No RE 647.885/RS, mencionado pelo
Tribunal de origem, o STF debatia a possibilidade de a OAB suspender do
exercício profissional aqueles advogados que não pagassem a anuidade, no que a
Corte Suprema decidiu negativamente e fixou a seguinte tese: “É
inconstitucional a suspensão realizada por conselho de fiscalização
profissional do exercício laboral de seus inscritos por inadimplência de
anuidades, pois a medida consiste em sanção política em matéria tributária”. Essa
conclusão do Tribunal de origem foi formada porque uma das premissas utilizadas
pelo Min. Relator Edson Fachin foi justamente a natureza tributária das
anuidades cobradas pelos conselhos profissionais “lato sensu”, o que se
utilizou sem a corriqueira adjetivação que se dá especificamente à OAB como
entidade “sui generis”.
Em outras palavras, o Min. Edson
Fachin, ao falar sobre natureza tributária das contribuições, estava se
referindo apenas aos demais Conselhos Profissionais (e não à OAB).
Isso fica claro porque, algum tempo depois, no julgamento do
RE 1.182.189, o Min. Fachin afirmou expressamente que:
'Diferente dos
conselhos de fiscalização profissional, a OAB não recolhe contribuição natureza
tributária (...) A Ordem, a rigor, enquanto instituição que desempenha serviço
público mas não estatal, não se subordina à Administração não cobra tributos de
seus associados.'
Neste julgamento (RE 1.182.189),
o STF decidiu que a anuidade cobrada pela OAB não possui natureza jurídica
tributária e, por causa disso, ela não se submete ao Tribunal de Contas. Veja a
tese fixada:
O Conselho Federal e os Conselhos Seccionais da Ordem dos
Advogados do Brasil não estão obrigados a prestar contas ao Tribunal de Contas
da União nem a qualquer outra entidade externa.
STF. Plenário. RE 1.182.189/BA, Rel. Min. Marco Aurélio,
redator do acórdão Min. Edson Fachin, julgado em 25/4/2023 (Repercussão Geral –
Tema 1054) (Info 1091).
Como não tem natureza
tributária, não se aplica a LEF
Logo, a cobrança das anuidades
não pagas pelos advogados não estão sujeitas ao regime da Lei de Execuções
Fiscais (Lei nº 6.830/80).
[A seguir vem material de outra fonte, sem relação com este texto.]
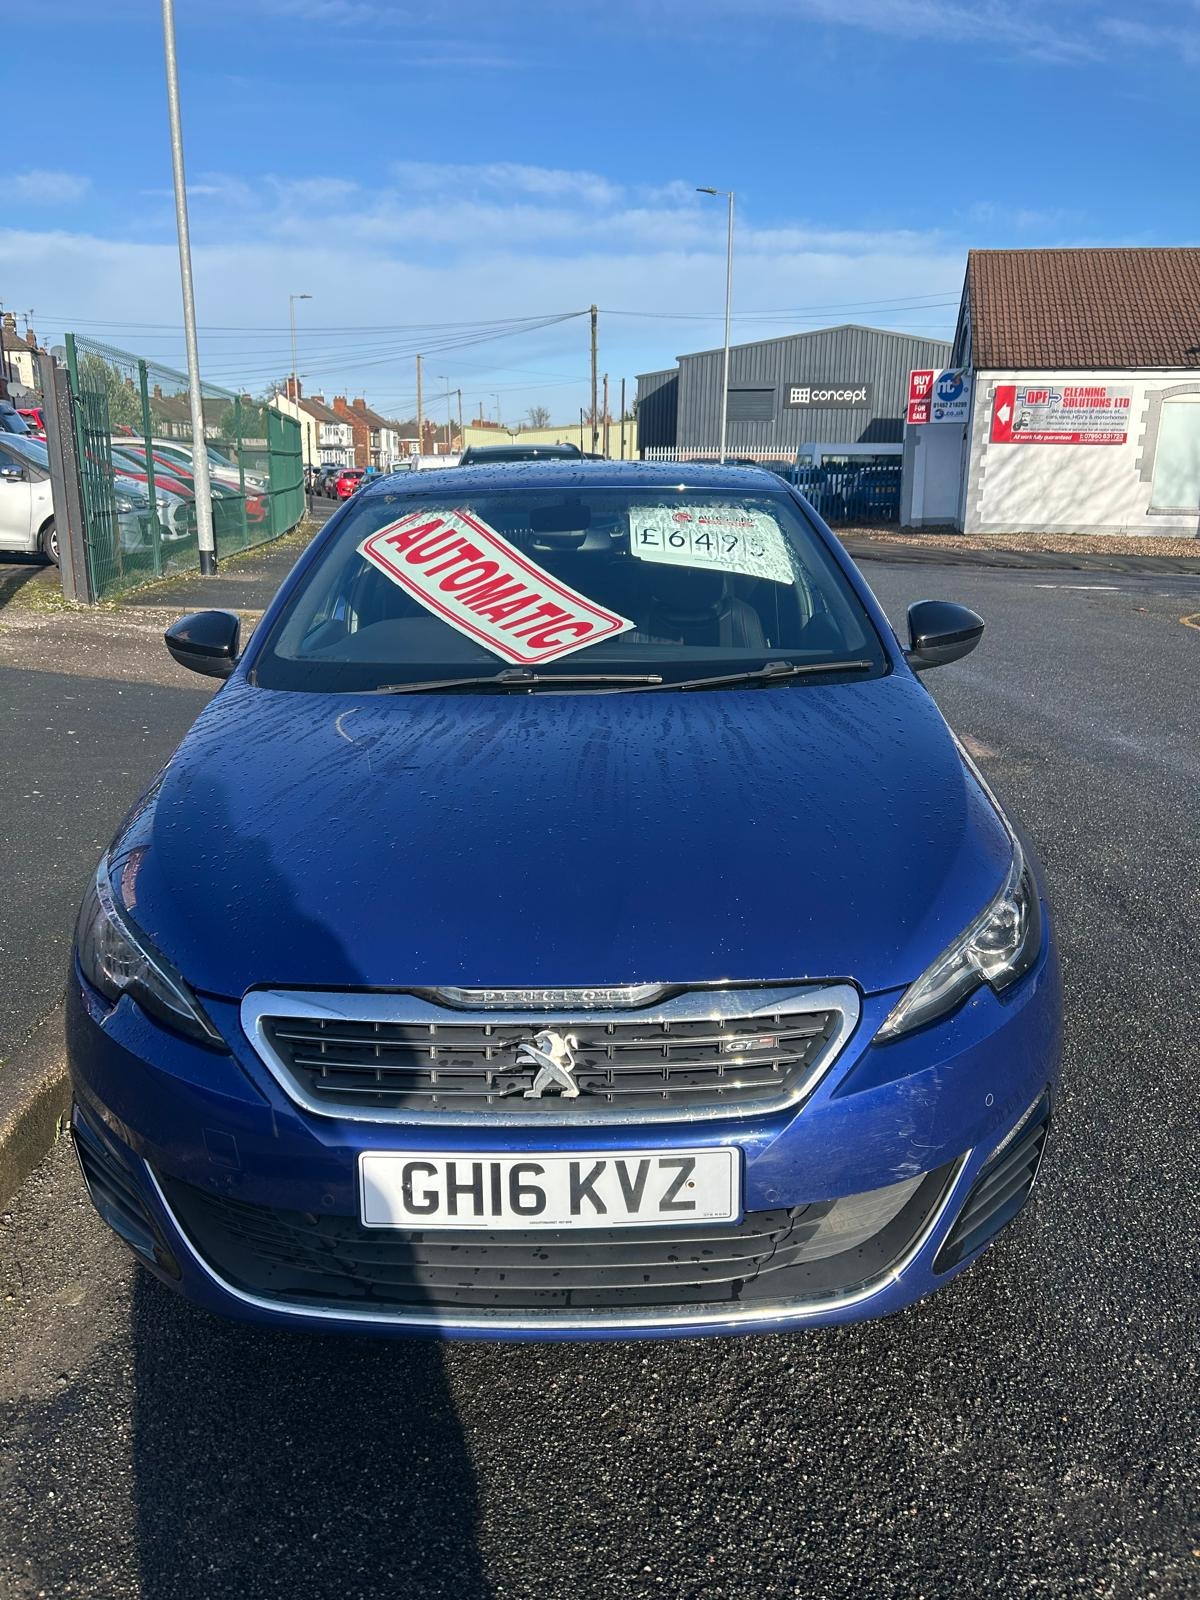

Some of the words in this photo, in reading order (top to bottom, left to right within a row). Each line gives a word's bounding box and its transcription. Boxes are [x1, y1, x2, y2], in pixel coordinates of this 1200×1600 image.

Nesse sentido:
As contribuições cobradas pela OAB, como não têm natureza
tributária, não seguem o rito estabelecido pela Lei 6.830/80.
STJ. 1ª Seção. EREsp 463.258/SC, Rel. Min. Eliana Calmon,
julgado em 10/12/2003.
As contribuições pagas pelos filiados à OAB não têm natureza
tributária.
O título executivo extrajudicial, referido no art. 46,
parágrafo único, da Lei n.º 8.906/94, deve ser exigido em execução disciplinada
pelo Código de Processo Civil, não sendo possível a execução fiscal regida pela
Lei n.º 6.830/80.
STJ. 1ª Seção. EREsp 503.252/SC, Rel. Min. Castro Meira,
julgado em 25/8/2004.
Em suma:
A anuidade cobrada pela Ordem dos Advogados do Brasil
não tem natureza jurídica tributária.
STJ. 2ª Turma. AREsp 2.451.645-SP, Rel. Min. Mauro Campbell Marques, julgado em 9/4/2024 (Info 807).